The Growler Loop goes kind of around where I live, so I'm familiar with most of it, though haven't ridden it all. You will always be close to food/drink/supplies, as the root isn't that far from paved roads/towns. Camping is tricky, if you are in the national forest, there are sites and likely some other places to camp  There are some nice places north of Little River state campground in the Cotton Brook drainage. The private campgrounds are expensive & geared to the RV crowd, I'd sooner pick a town with a brewery & cheap motel like Morrisville. They is also camping places (not official) along most rivers, just don't get there too early in the day.


----------



## Justin Credible (May 10, 2011)

Thanks! Good info there. I’ll def be trying to stealth camp as much as we can. Maybe ask some land owners for permission. Trying to stay out of hotels, but if we have to then it would be considered a luxury


----------



## RPG (Sep 16, 2005)

I assume you've already cruised over this write up? 
Green Mountain Gravel Growler, Vermont - BIKEPACKING.com

Looks like they did a fairly thorough job. Good luck and keep us posted!


----------



## apfrost (Feb 20, 2018)

yeah, you're never far away from anyone in VT, so you can get away carrying as much or little as you like really. stealth camping can be tricky because of that, but the state parks are great. Most of them have 2 night minimums, but if you show up on a bike they'll let you stay just one--Elmore is worth the detour, and little river is super nice.


----------



## jamesframes (May 2, 2008)

I will be doing this as well end of July. Shooting for a light setup and staying in AirBnB's near a brewery along the way rather than camp. Taking 3.5 days...so roughly three 75 mile days. Seems like water and resupply are abundant especially if you resupply on beer. The terrain can't be too bad-I have since cross setups taking this on...I'll be on a HT...mostly because I prefer it. Some big climbs for sure...


----------



## Justin Credible (May 10, 2011)

Awesome jamesframes... maybe we will see you about there!


----------



## jamesframes (May 2, 2008)

Got back the other day-it was rad. Wife and I did three 70 mile days with the fourth being a mellow 25 or so back to town. We cut out the section after Lincoln Gap to Otter Creek due to heat instead making a direct bomb into the town of Bristo where we we stayingl. It was this past weekend with brutal temps.

Route was easy to follow and stunning. Really good mix of dirt, ST, DT, and the occasional paved road. We road singletrack everyday. I saw some skinny tire tracks...I was happy to be on the mtb.

Plenty of places to refuel and swim along the way.
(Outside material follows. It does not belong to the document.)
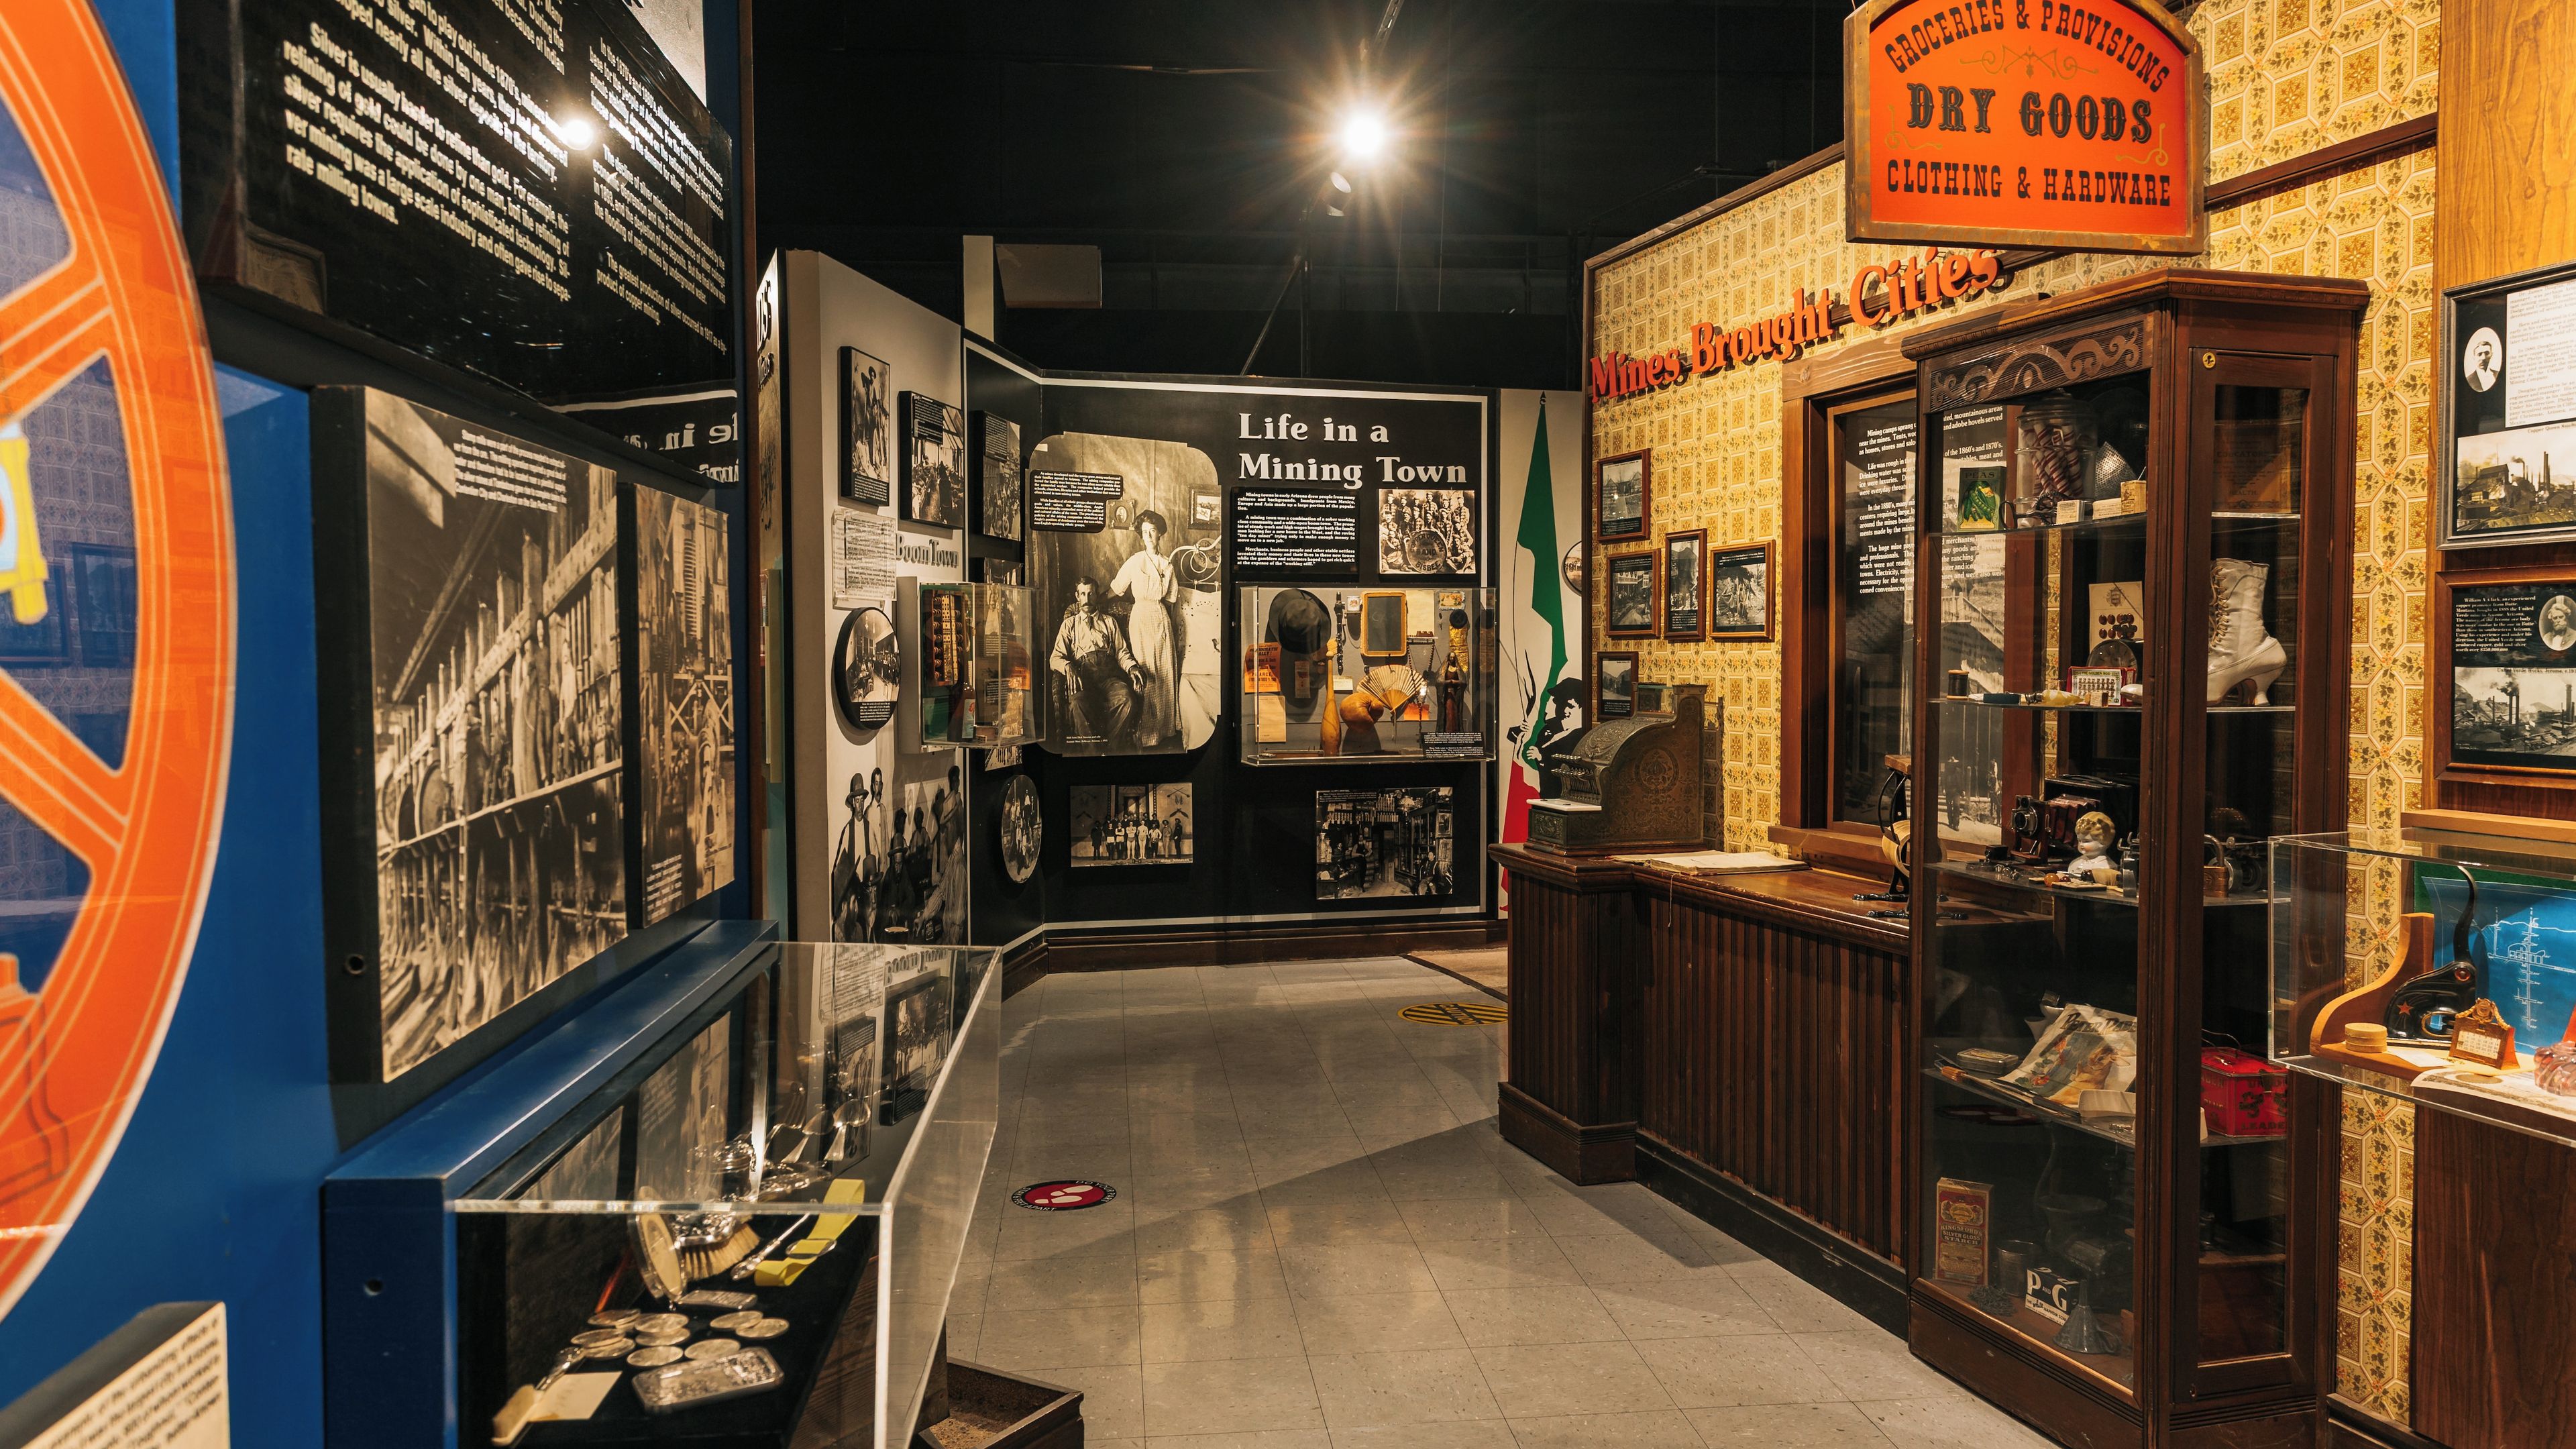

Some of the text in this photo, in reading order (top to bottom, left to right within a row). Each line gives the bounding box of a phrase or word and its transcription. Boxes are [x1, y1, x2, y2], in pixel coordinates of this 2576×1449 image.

We camped/left car in Shelburne and looped from there...Morrisville, Barre, then Bristol. The Air BnB's were perfect with A/C, showers, etc. They were like 60 bucks a night.

Have fun!


----------



## stblindtiger (Aug 25, 2014)

Myself and a group of 3 other friends are doing this route at the end of July as well! We are not going to camp though. We lined up a few airbnb’s and motel rooms. We changed up our stops somewhat to focus on ending our days close to cool breweries so we are planning on going from Burlington to Stowe, Stowe to Hardwick, Hardwick to warren, warren to middlebury, middlebury to Burlington. So excited! I was definitely happy to hear you were glad you brought your mountain bike because I plan to do the same, and that the route was easy to follow. I’m a little worried about all the climbing though. I rode the Gap and C&O trail from Pittsburgh to Dc last summer averaging about 70 miles a day but that was basically all railroad grade. Since you just finished it a few days ago, is there any advice about the route you can share? How was the climb from Prohibition Pig past the Trappe brewery and back down to the Alchemist? That seems to be the most single track and a rider we are going with isn’t that experienced with too much mountain biking. Any tips on where to park in Burlington over the 5 days(preferably close to Battery Park)? Is street parking possible? What were your favorite sections of the route? Thanks and sorry for all the questions....


----------



## jamesframes (May 2, 2008)

-We camped @ the shelburne camping area partially so that we could leave our car there for a few nights (they charged 2 bucks a day). There is free parking around Burlington ( I had contact the Old Spokes Home for Beta), but I really was too interested in seeking it out. This was an easier option for us. From there, we took some back roads to skirt Burlington in the morning and joined the route just on the other side of the city.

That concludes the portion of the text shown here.